The records are to be copied from the line that contains "Some of the words" through their last line, word for word, with every picture left out.

□ □ □

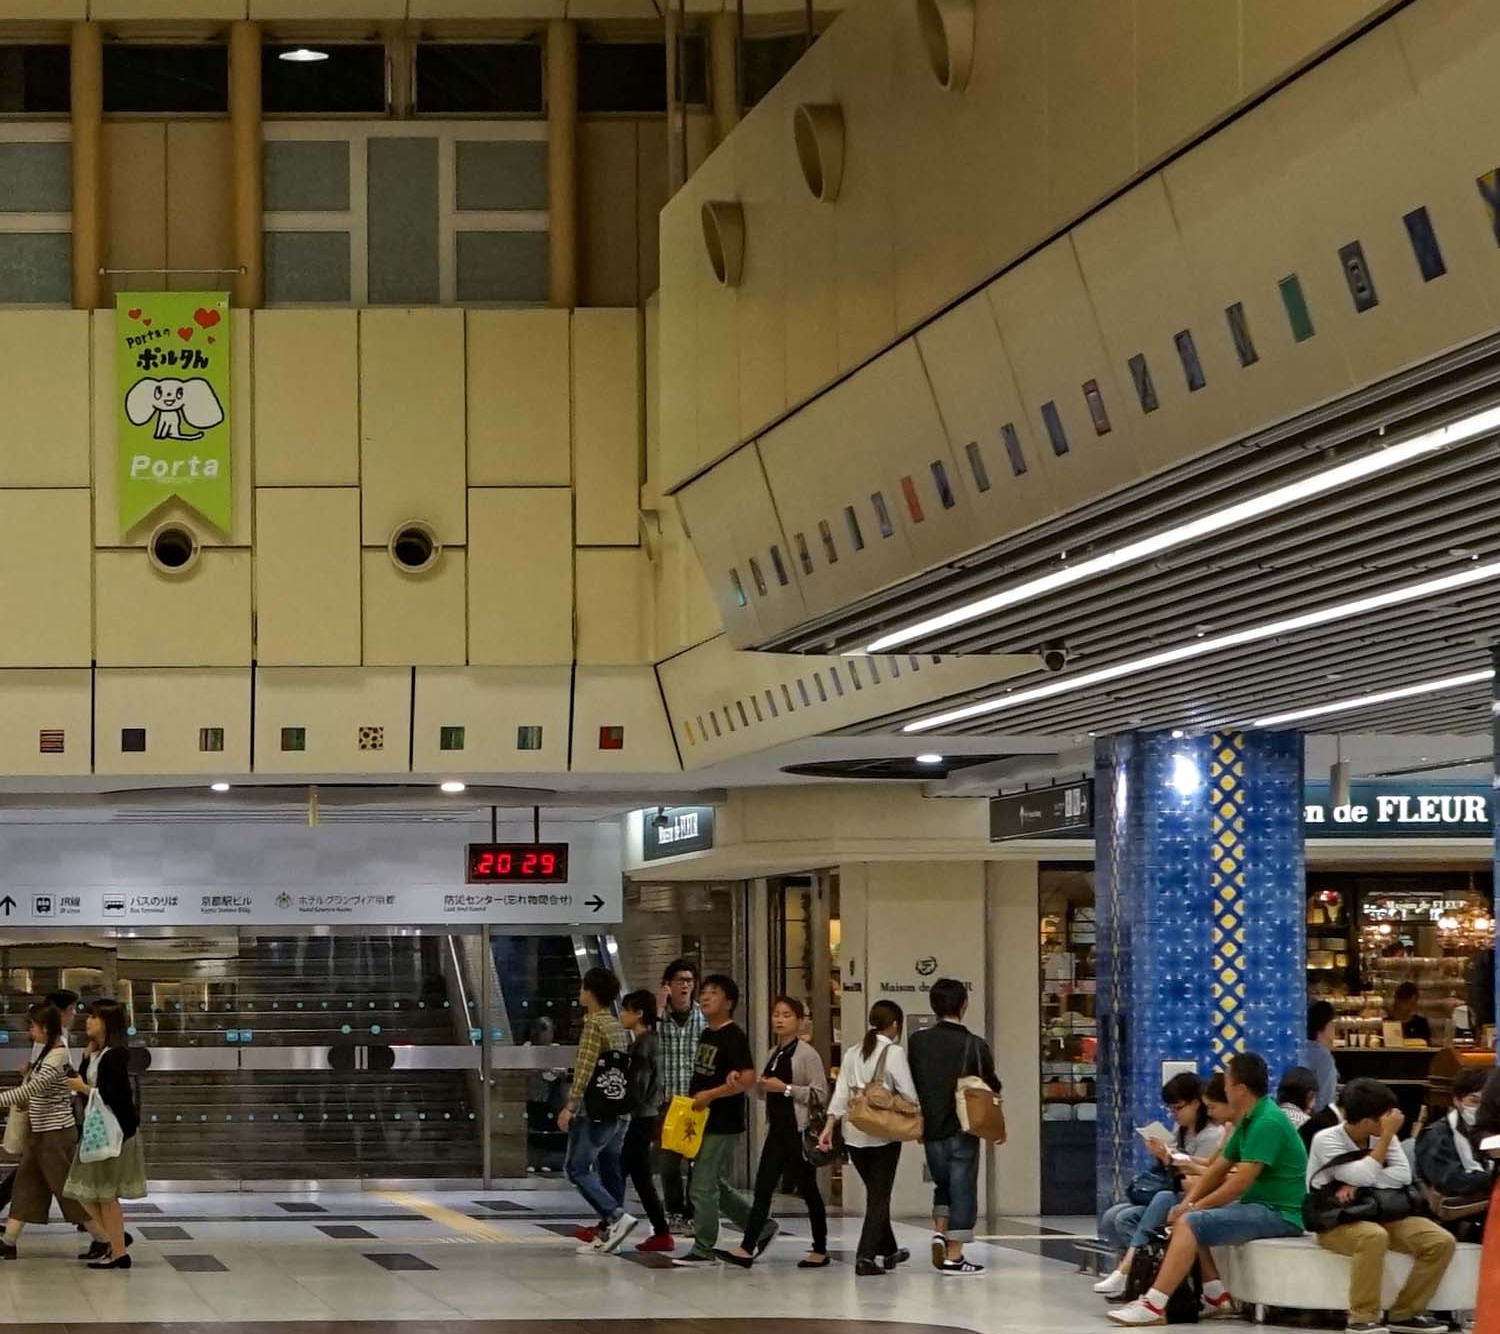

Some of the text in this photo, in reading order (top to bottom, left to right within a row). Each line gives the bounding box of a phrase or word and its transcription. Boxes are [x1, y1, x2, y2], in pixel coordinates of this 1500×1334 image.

[136, 346, 209, 371] ポルタん
[130, 455, 219, 478] Porta
[1333, 804, 1368, 823] de
[1376, 795, 1488, 823] FLEUR
[130, 896, 179, 907] バスのりば
[879, 981, 916, 993] Maison
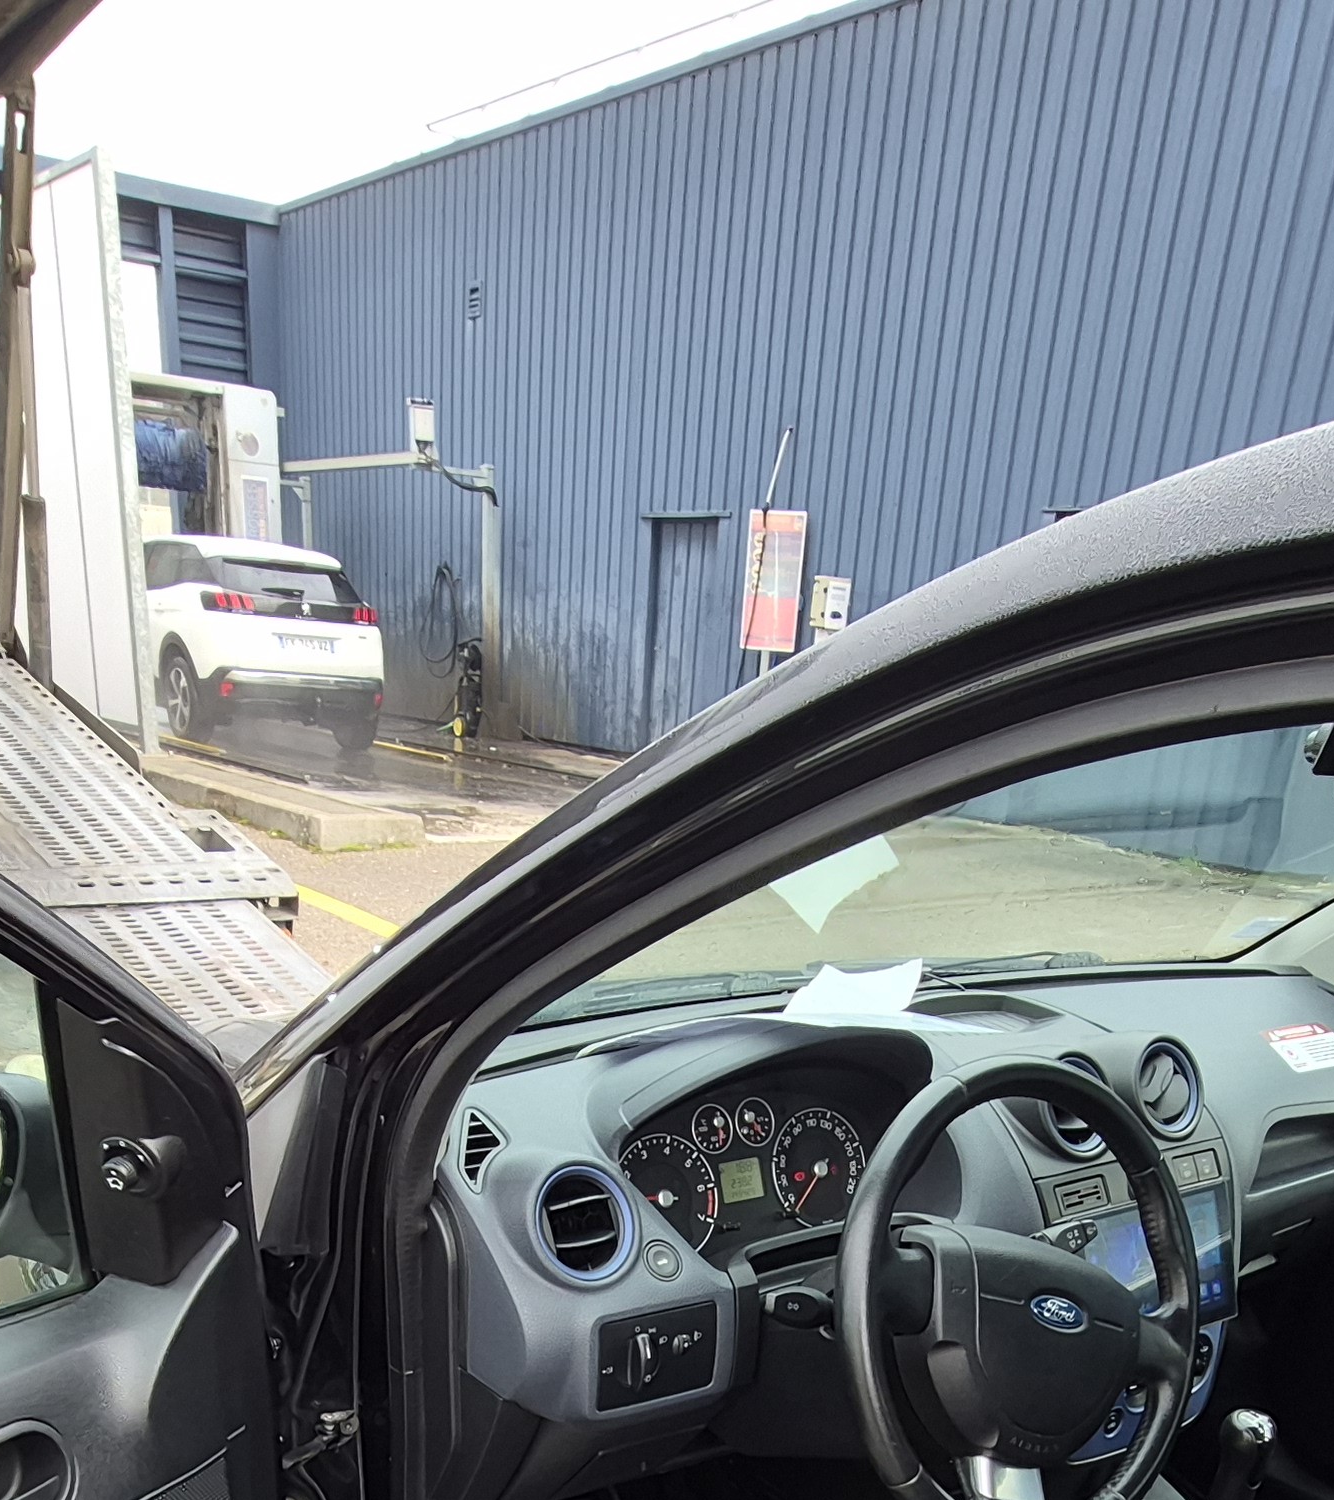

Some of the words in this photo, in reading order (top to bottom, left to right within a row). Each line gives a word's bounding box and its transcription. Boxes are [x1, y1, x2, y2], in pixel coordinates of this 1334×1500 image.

[806, 1118, 817, 1128] 110
[820, 1119, 833, 1131] 130
[663, 1146, 670, 1155] 4
[844, 1141, 854, 1157] 170
[640, 1150, 648, 1160] 3
[846, 1177, 856, 1194] 210
[697, 1213, 705, 1221] 7
[1041, 1299, 1076, 1323] Ford
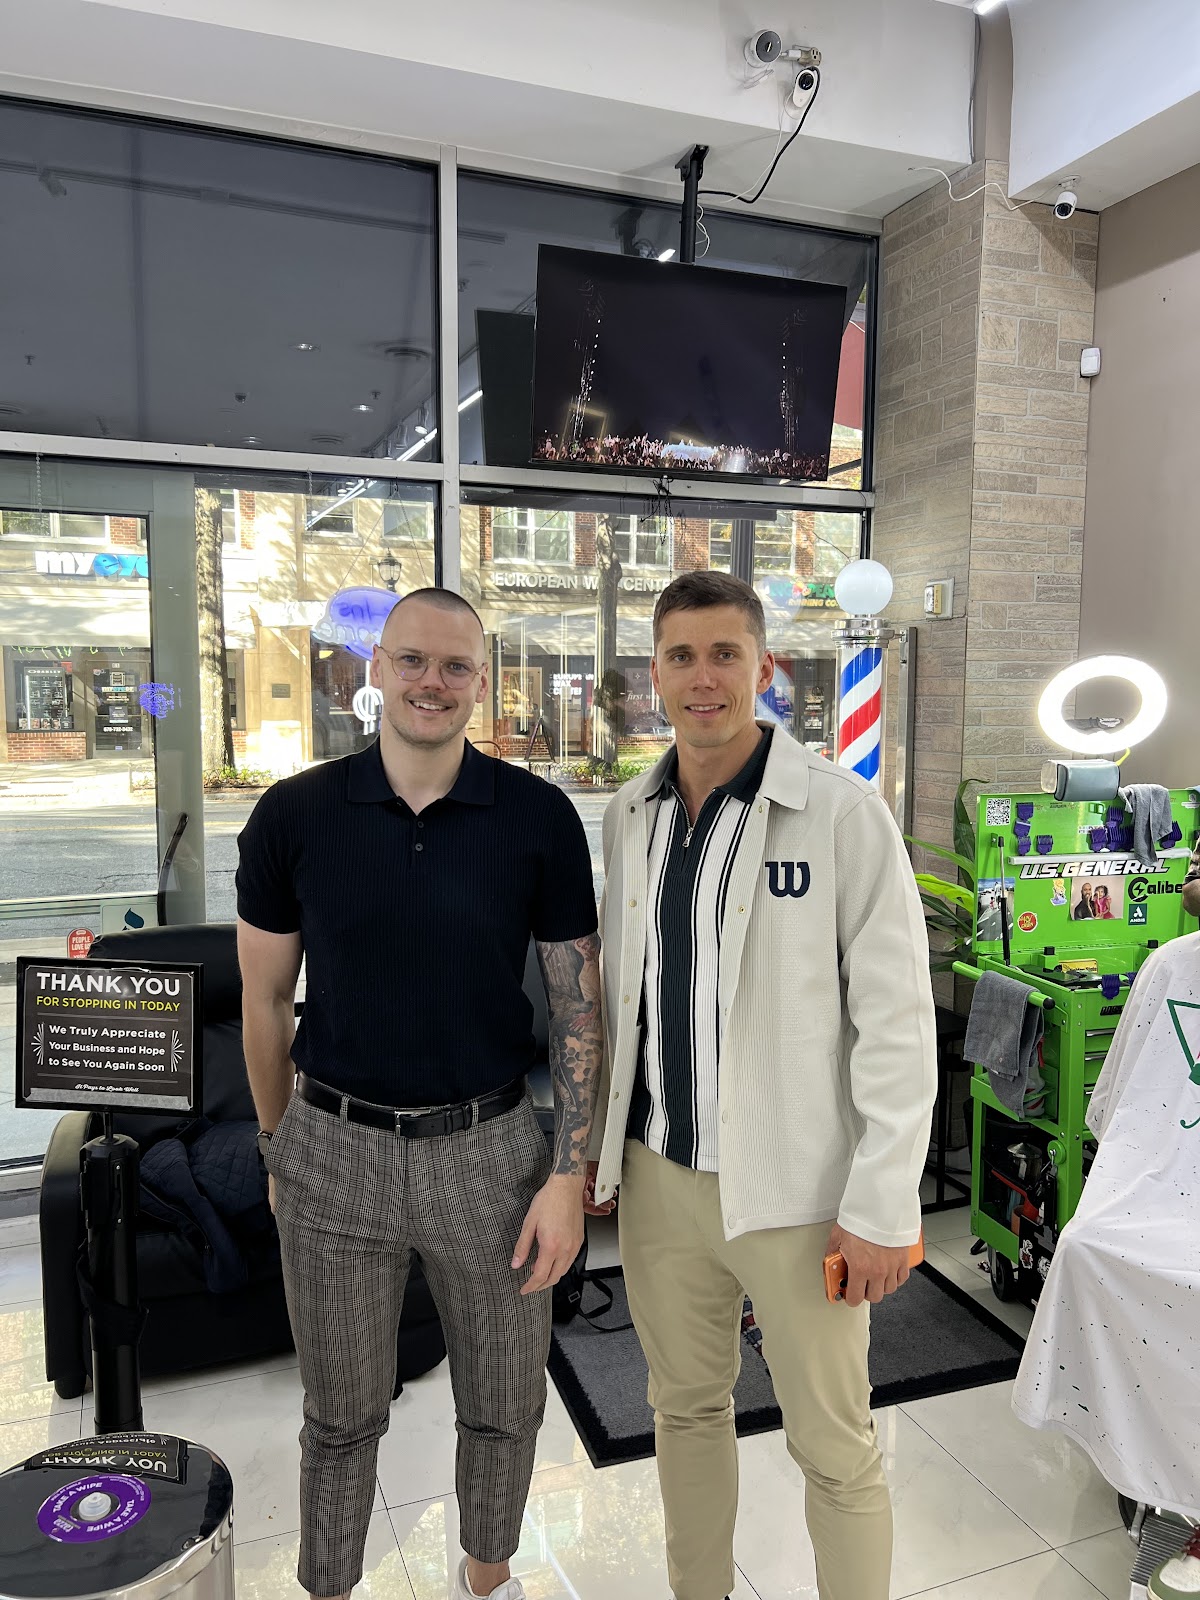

□ □ □

■ Output of the exercise ■
Some of the words in this photo, in reading order (top to bottom, left to right within a row). Each line gives a word's bounding box and its transcription. Boxes are [x1, y1, x2, y2], in pixel coordinates of this 1334×1500 image.

[806, 1118, 817, 1128] 110
[820, 1119, 833, 1131] 130
[663, 1146, 670, 1155] 4
[844, 1141, 854, 1157] 170
[640, 1150, 648, 1160] 3
[846, 1177, 856, 1194] 210
[697, 1213, 705, 1221] 7
[1041, 1299, 1076, 1323] Ford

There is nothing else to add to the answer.